***** Records for the task

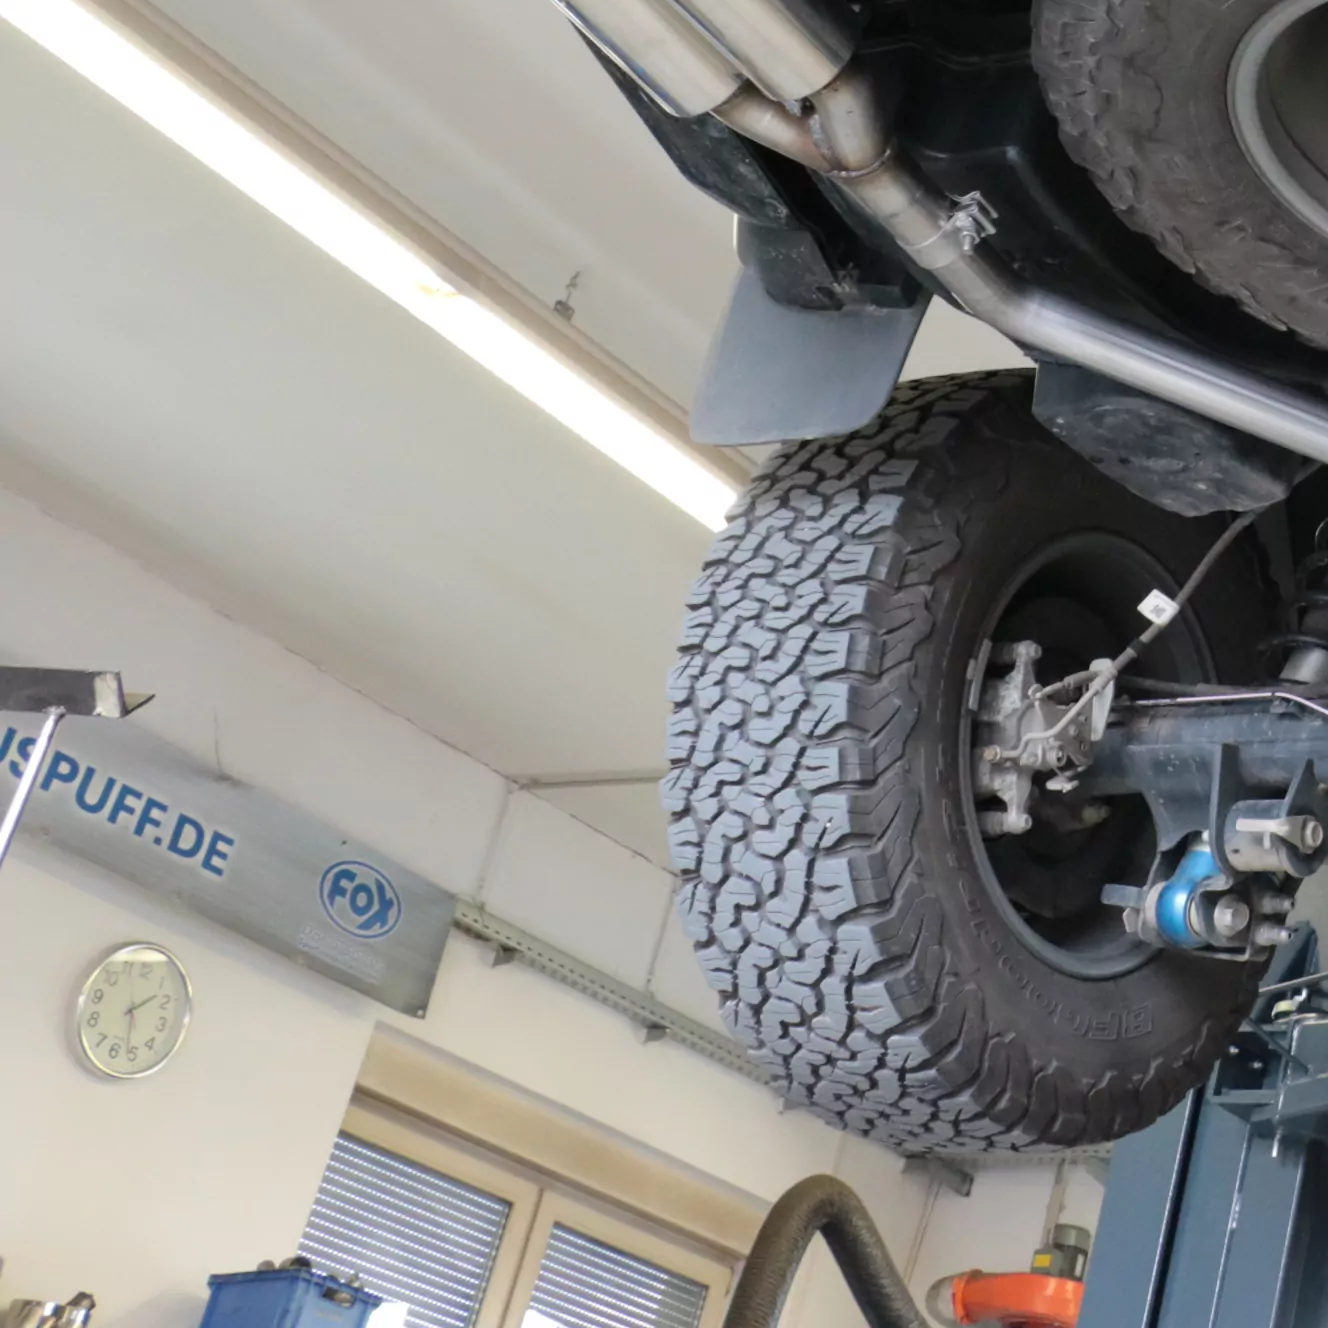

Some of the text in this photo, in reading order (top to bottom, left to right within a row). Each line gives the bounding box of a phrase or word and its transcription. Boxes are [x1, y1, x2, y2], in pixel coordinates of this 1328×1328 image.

[91, 989, 104, 1005] 9
[158, 994, 171, 1010] 2
[87, 1011, 100, 1028] 8
[155, 1016, 167, 1033] 3
[96, 1032, 108, 1048] 7
[144, 1036, 156, 1051] 4
[108, 1042, 121, 1059] 6
[126, 1046, 139, 1062] 5
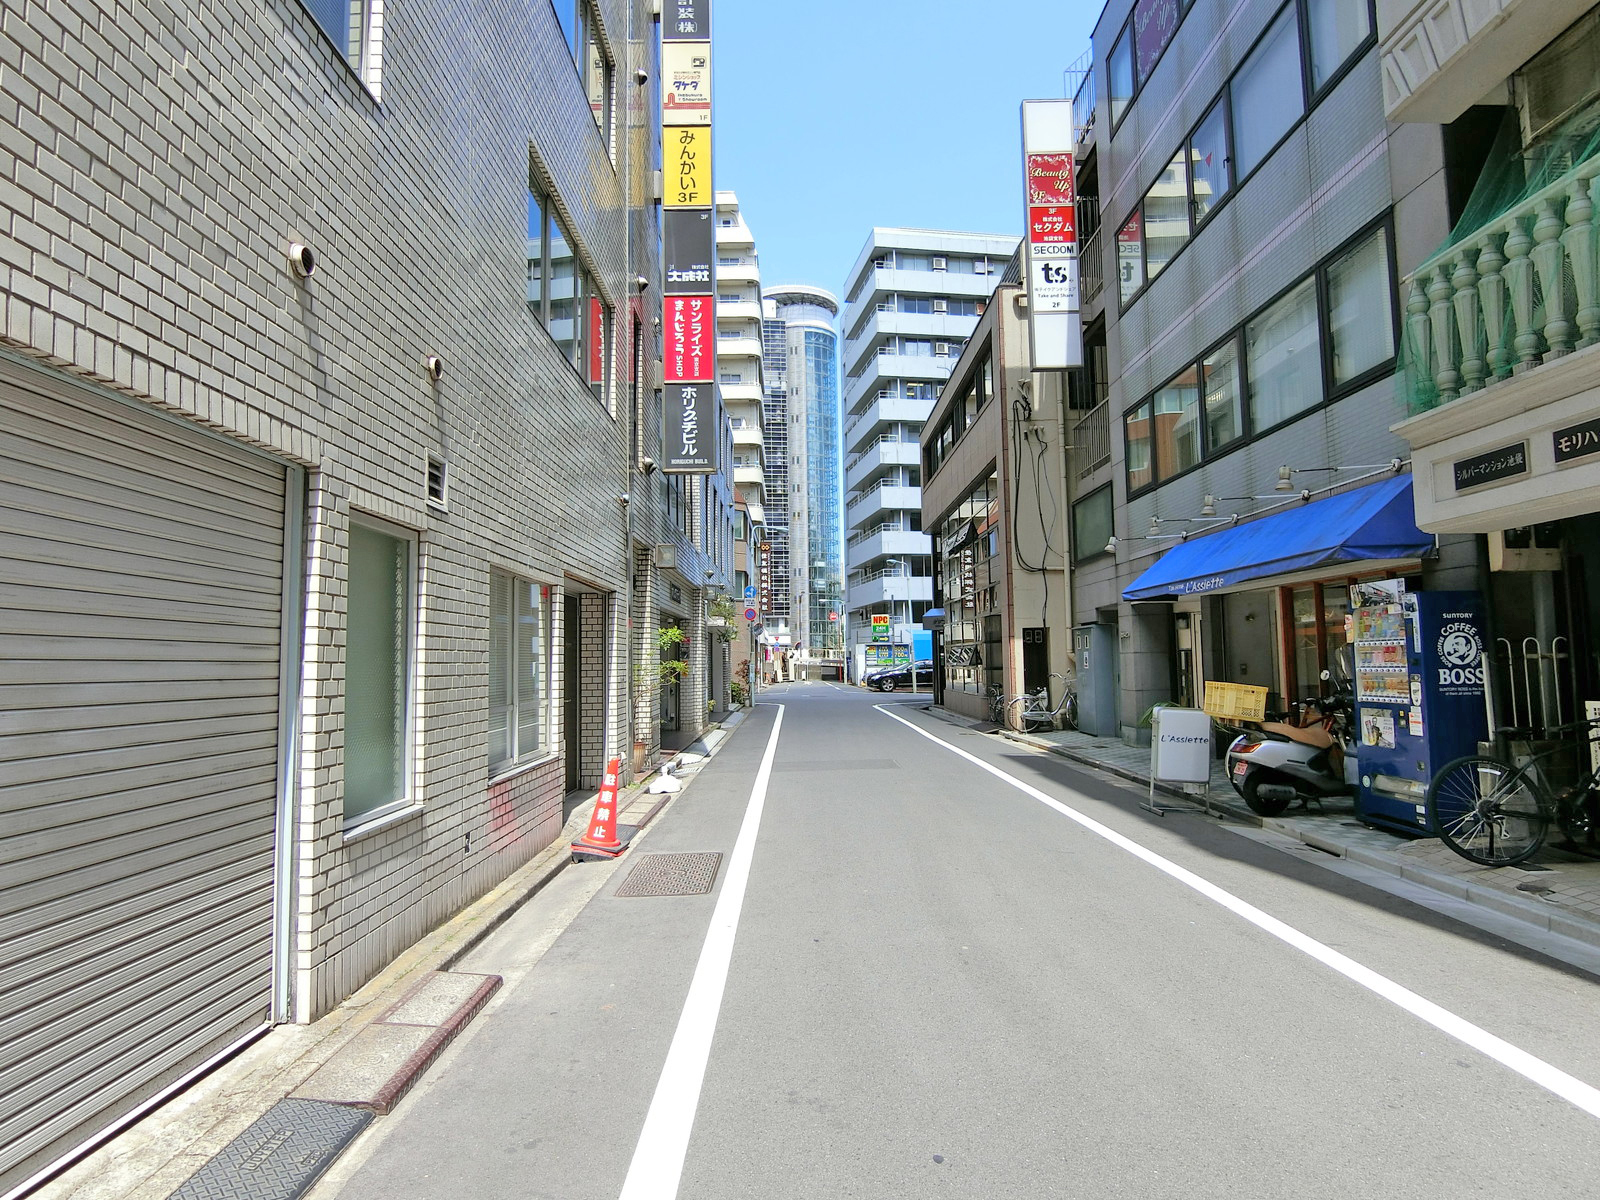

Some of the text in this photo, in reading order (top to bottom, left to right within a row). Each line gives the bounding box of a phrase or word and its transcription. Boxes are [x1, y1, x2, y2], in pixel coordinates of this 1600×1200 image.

**********

● Description of the task
Your copy should be the entries retyped exactly, with no images in it.

● Reply to the task
Some of the text in this photo, in reading order (top to bottom, left to right within a row). Each line gives the bounding box of a phrase or word and its transcription. Boxes are [x1, y1, x2, y2], in pixel coordinates of this 1328×1328 image.

[91, 989, 104, 1005] 9
[158, 994, 171, 1010] 2
[87, 1011, 100, 1028] 8
[155, 1016, 167, 1033] 3
[96, 1032, 108, 1048] 7
[144, 1036, 156, 1051] 4
[108, 1042, 121, 1059] 6
[126, 1046, 139, 1062] 5

Some of the text in this photo, in reading order (top to bottom, left to right within a row). Each line gives the bounding box of a phrase or word and its transcription. Boxes are [x1, y1, x2, y2], in pixel coordinates of this 1600×1200 image.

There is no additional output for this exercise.